| Autor: |
Liu Y; BeiGene (Shanghai) Co., Ltd., Shanghai, China., Ma X; BeiGene (Beijing) Co., Ltd., Beijing, China., Wu X; BeiGene (Shanghai) Co., Ltd., Shanghai, China., Hou X; BeiGene (Beijing) Co., Ltd., Beijing, China., Jin W; BeiGene (Beijing) Co., Ltd., Beijing, China., Fu L; BeiGene (Beijing) Co., Ltd., Beijing, China., Xun X; BeiGene (Shanghai) Co., Ltd., Shanghai, China., Yu Y; BeiGene (Shanghai) Co., Ltd., Shanghai, China., Shen Z; BeiGene (Beijing) Co., Ltd., Beijing, China. |
| Abstrakt: |
To evaluate the effects of gene mutations on Bruton tyrosine kinase inhibitor, zanubrutinib's effectiveness in patients with diffuse large B-cell lymphoma (DLBCL), we examined pooled data from four single-arm studies (BGB-3111-AU-003 [NCT02343120], BGB-3111-207 [NCT03145064], BGB-3111_GA101_Study_001 [NCT02569476], BGB-3111-213 [NCT03520920]; n = 121). Objective response rate (ORR) was higher, though not statistically significant, in patients with activated B-cell-like (ABC)- and unclassified DLBCL (42.9% [21/49]) versus those with germinal-center B-cell-like DLBCL (14.3% [1/7]; p = 0.15). Patients with CD79B mutations had better ORR (60%) versus patients with wild-type alleles (25.9%, p < 0.01). Higher TCL1A expression correlated with better zanubrutinib response ( p = 0.03), longer progression-free survival ( p = 0.01), and longer overall survival ( p = 0.12). TCL1A expression was higher in ABC-DLBCL ( p < 0.001) and MYD88 / CD79B -mutated subtypes ( p < 0.0001).

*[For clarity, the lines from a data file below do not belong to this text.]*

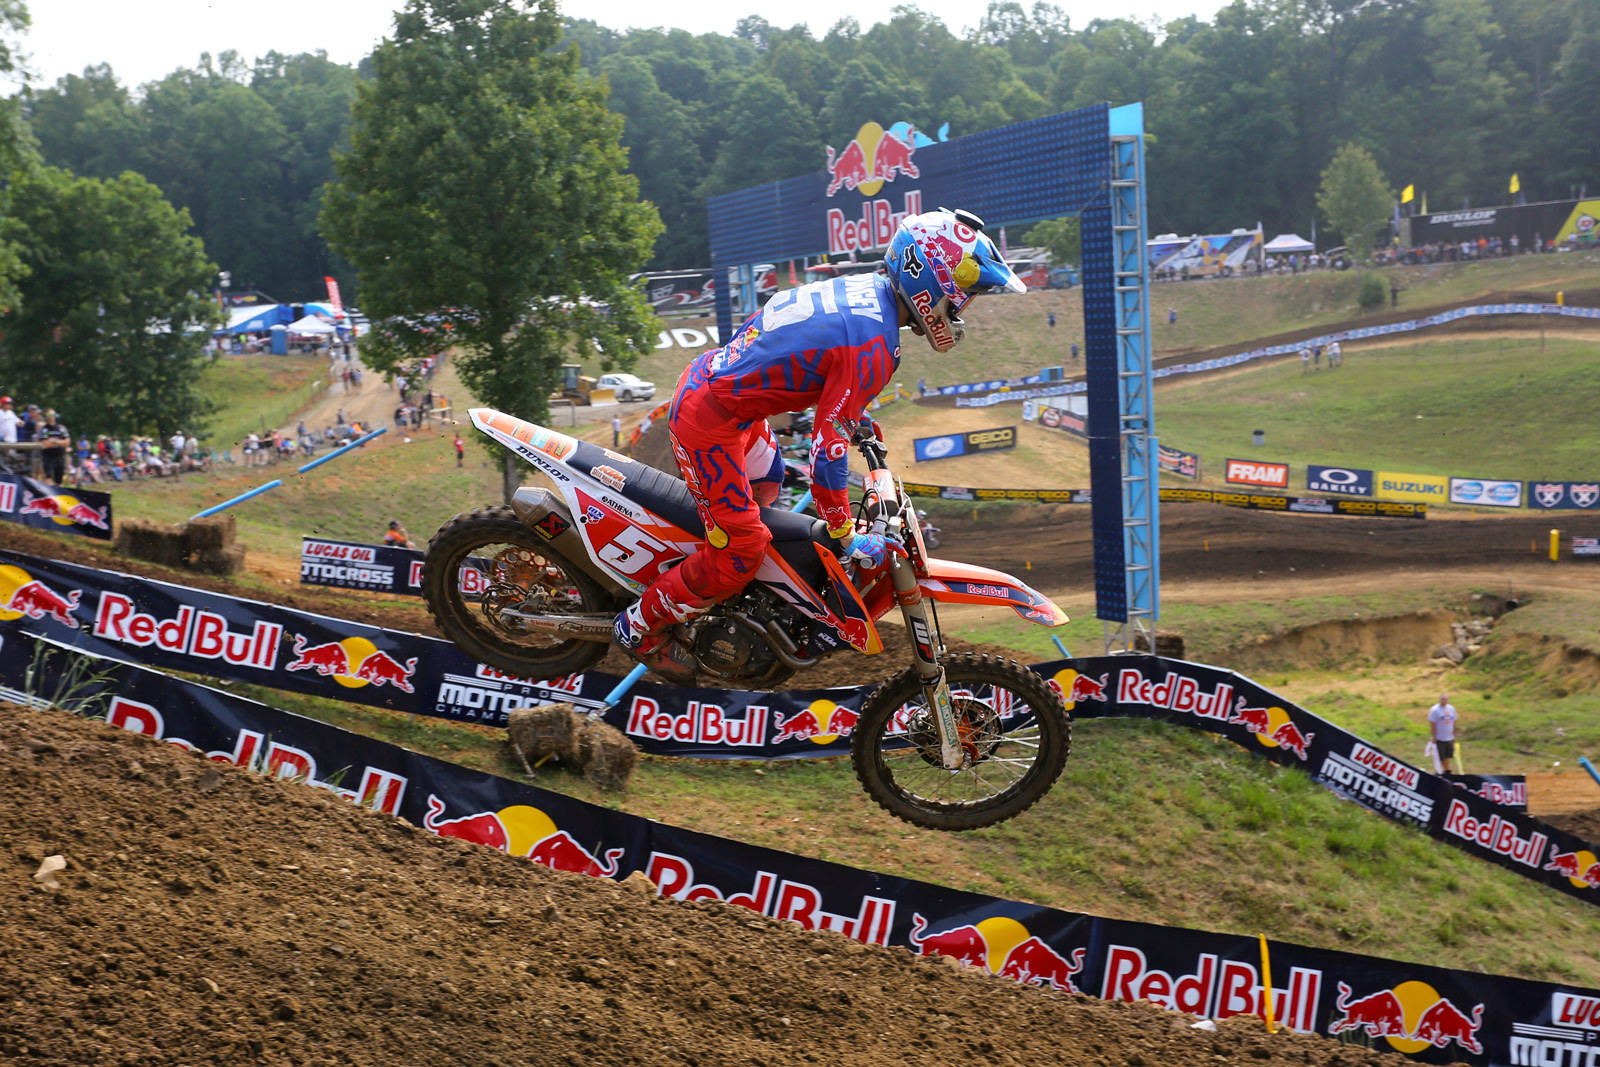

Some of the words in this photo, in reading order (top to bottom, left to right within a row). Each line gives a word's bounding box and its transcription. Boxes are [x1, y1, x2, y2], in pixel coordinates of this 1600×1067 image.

[1430, 209, 1496, 224] DUNLOP
[763, 280, 838, 331] 5
[968, 430, 1013, 445] GEICO
[516, 446, 570, 482] DUNLOP
[1228, 463, 1285, 483] FRAM
[1310, 482, 1367, 494] OAKLEY
[1382, 481, 1443, 495] SUZUKI
[607, 498, 633, 518] ATHENA
[306, 543, 349, 559] LUCAS
[351, 548, 371, 561] OIL
[598, 525, 667, 574] 5
[302, 562, 394, 585] OTOCROSS
[502, 684, 549, 698] PRO
[1355, 748, 1396, 777] LUCAS
[1396, 768, 1416, 787] OIL
[1320, 758, 1433, 822] MOTOCROSS
[1559, 997, 1600, 1027] LUC
[1510, 1036, 1600, 1067] MOTO

Eighteen patients with high MYC/BCL-2 expression responded better to zanubrutinib (ORR = 61 vs. 29%, p = 0.02). Our results support assessing CD79B mutations, co-expressor DLBCL, and TCL1A expression status to identify patients with DLBCL who will benefit from zanubrutinib. |